B) Comparisons of different color spaces

To demonstrate that HSV is a more suitable color space for colorization tasks, we compared the performance of the YUV, Lab, and HSV color spaces using the same network architecture and training conditions. We converted the training data into multiple color spaces and then used these training data to train the colorization models, resulting in different sets of parameters for each color space. Figure 9 compares and displays the colorized results of three models. We can notice that the HSV results are more realistic than the other color spaces, especially the higher saturation color on leaves, proving that HSV is the best choice.

Fig. 9. Comparisons of colorization results using different color spaces. (a) YUV. (b) Lab. (c) HSV.
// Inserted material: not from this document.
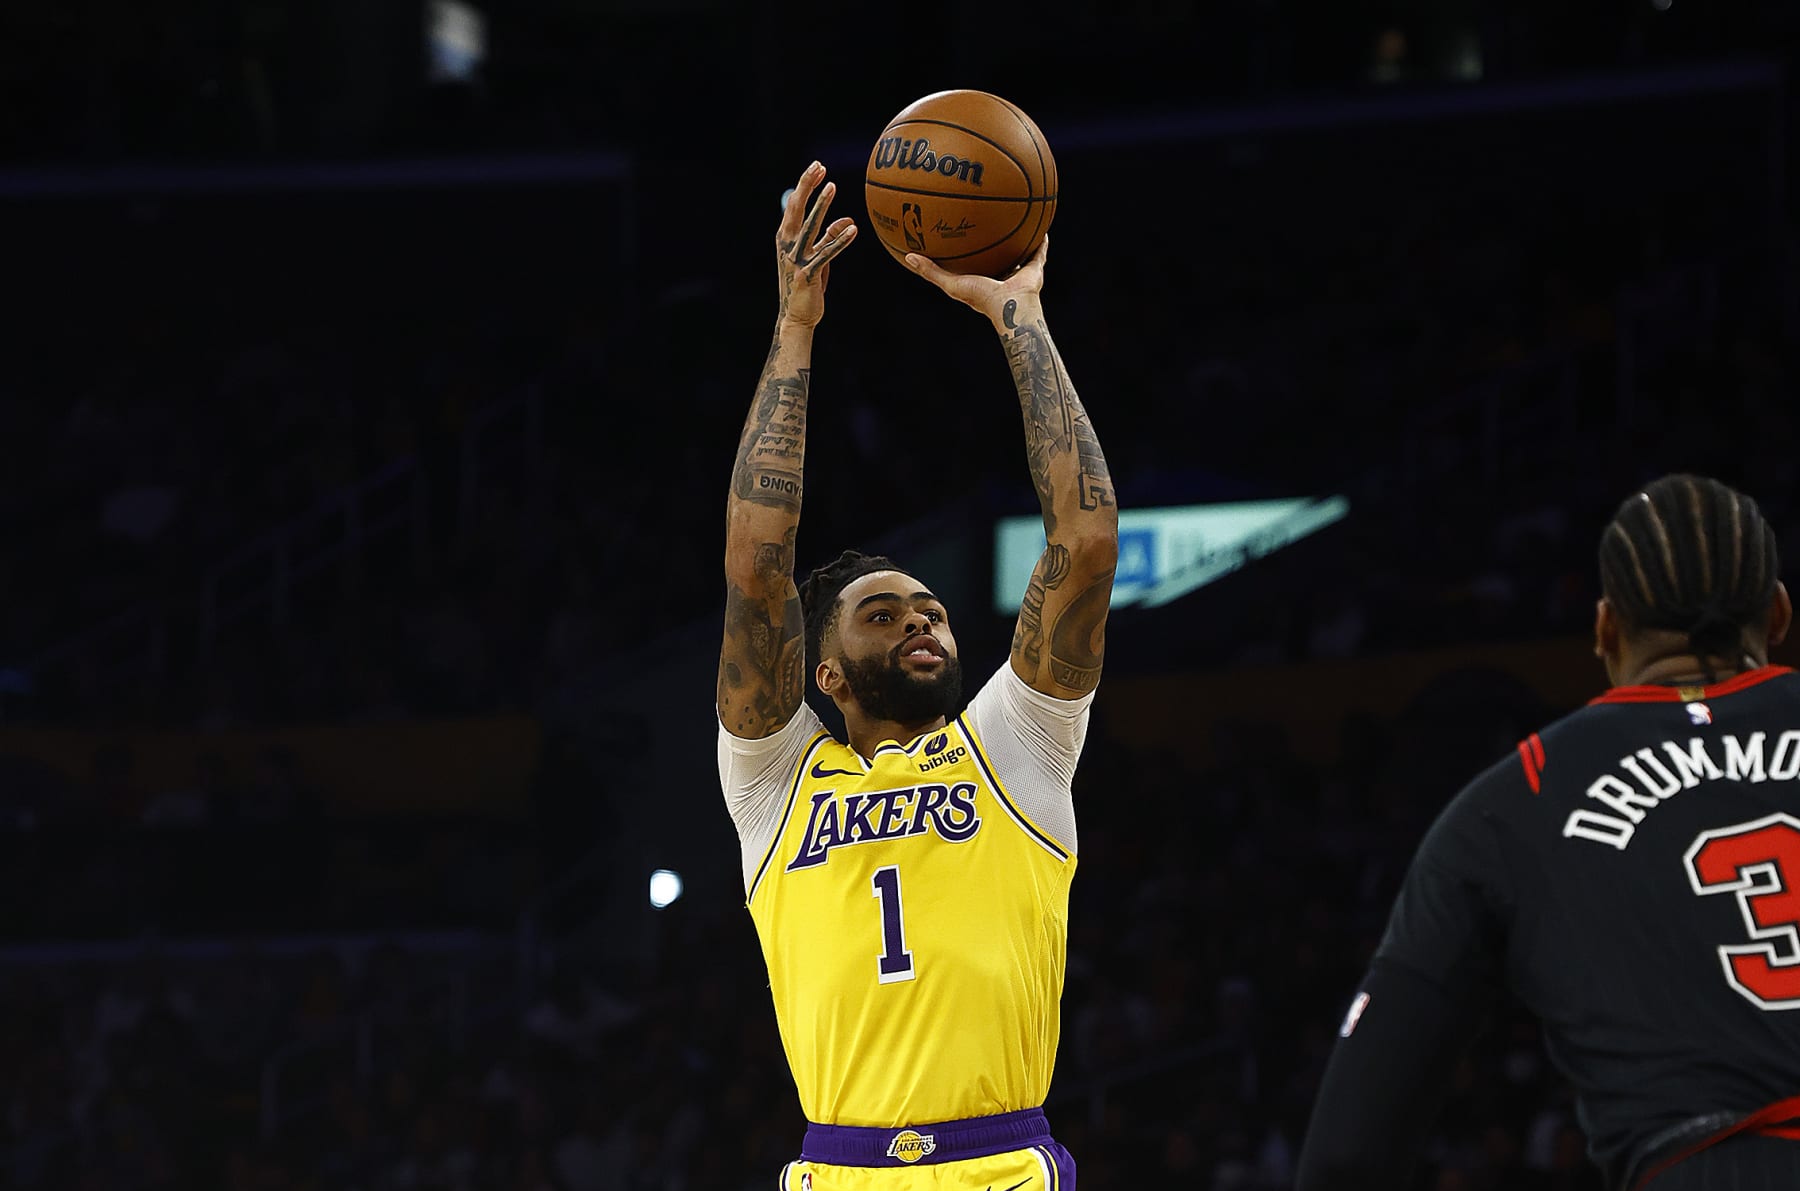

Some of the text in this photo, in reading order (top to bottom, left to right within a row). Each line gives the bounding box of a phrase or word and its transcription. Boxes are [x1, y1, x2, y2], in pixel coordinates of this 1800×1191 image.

C) Comparisons of different methods

We compare our proposed method with four popular or recent learning-based colorization methods [Reference Zhang8, Reference Iizuka, Simo-Serra and Ishikawa23, Reference Zhang, Isola and Efros25, Reference Vitoria, Raad and Ballester32]. Figures 10 and 11 show the results of these and our methods when colorizing indoor scenes and outdoor scenes, respectively. In comparison to the literature methods, our results for both scenes of images look more natural, have higher color saturation, and are closer to the ground truth. The color of colorized images created using the [Reference Iizuka, Simo-Serra and Ishikawa23] method is a bit dull, with more gray and brown. The results of [Reference Zhang, Isola and Efros25] have color bleeding artifacts in the indoor scene, such as the wall, floor, and garments, and in the outdoor scene, such as the chimney, roof. The colorized images by [Reference Zhang8] tend to have lower saturation than ours. The result of [Reference Vitoria, Raad and Ballester32] has colorization defects in texture parts, such as the chimney of the house and the bricks near the roof of the castle. More colorized images generated by our method are shown in Fig. 12.

Fig. 10. Comparisons of different colorization methods used on indoor images. (a) Ground truth. (b) [Reference Iizuka, Simo-Serra and Ishikawa23]. (c) [Reference Zhang, Isola and Efros25]. (d) [Reference Zhang8]. (e) [Reference Vitoria, Raad and Ballester32]. (f) Proposed method.

Fig. 11. Comparisons of different colorization methods used on outdoor images. (a) Ground truth. (b) [Reference Iizuka, Simo-Serra and Ishikawa23]. (c) [Reference Zhang, Isola and Efros25]. (d) [Reference Zhang8]. (e) [Reference Vitoria, Raad and Ballester32]. (f) Proposed method.

Fig. 12. More results by applying our method to grayscale images. (a) Grayscale image. (b) Ground truth. (c) Proposed method.

Table 1 shows the results of comparing the number of parameters of models. Comparing to others, our method uses a far smaller number of network parameters, while producing more realistic images.

Table 1. Comparisons of the number of models parameters.

D) Analysis of failure cases

Finally, we examine the failure cases of our method. We discover in the experiment that the ground truth images with much higher details than normal can sometimes cause colorization issues for our method. It is because that we begin by predicting the chroma channel at a lower scale, and it can be sometimes difficult to predict the appropriate chroma value when the targets are too small in size. This could lead to the failure in such places, such as the red-circled items in Fig. 13.

Fig. 13. Failure cases of our colorization method. (a) Ground truth. (b) Proposed method.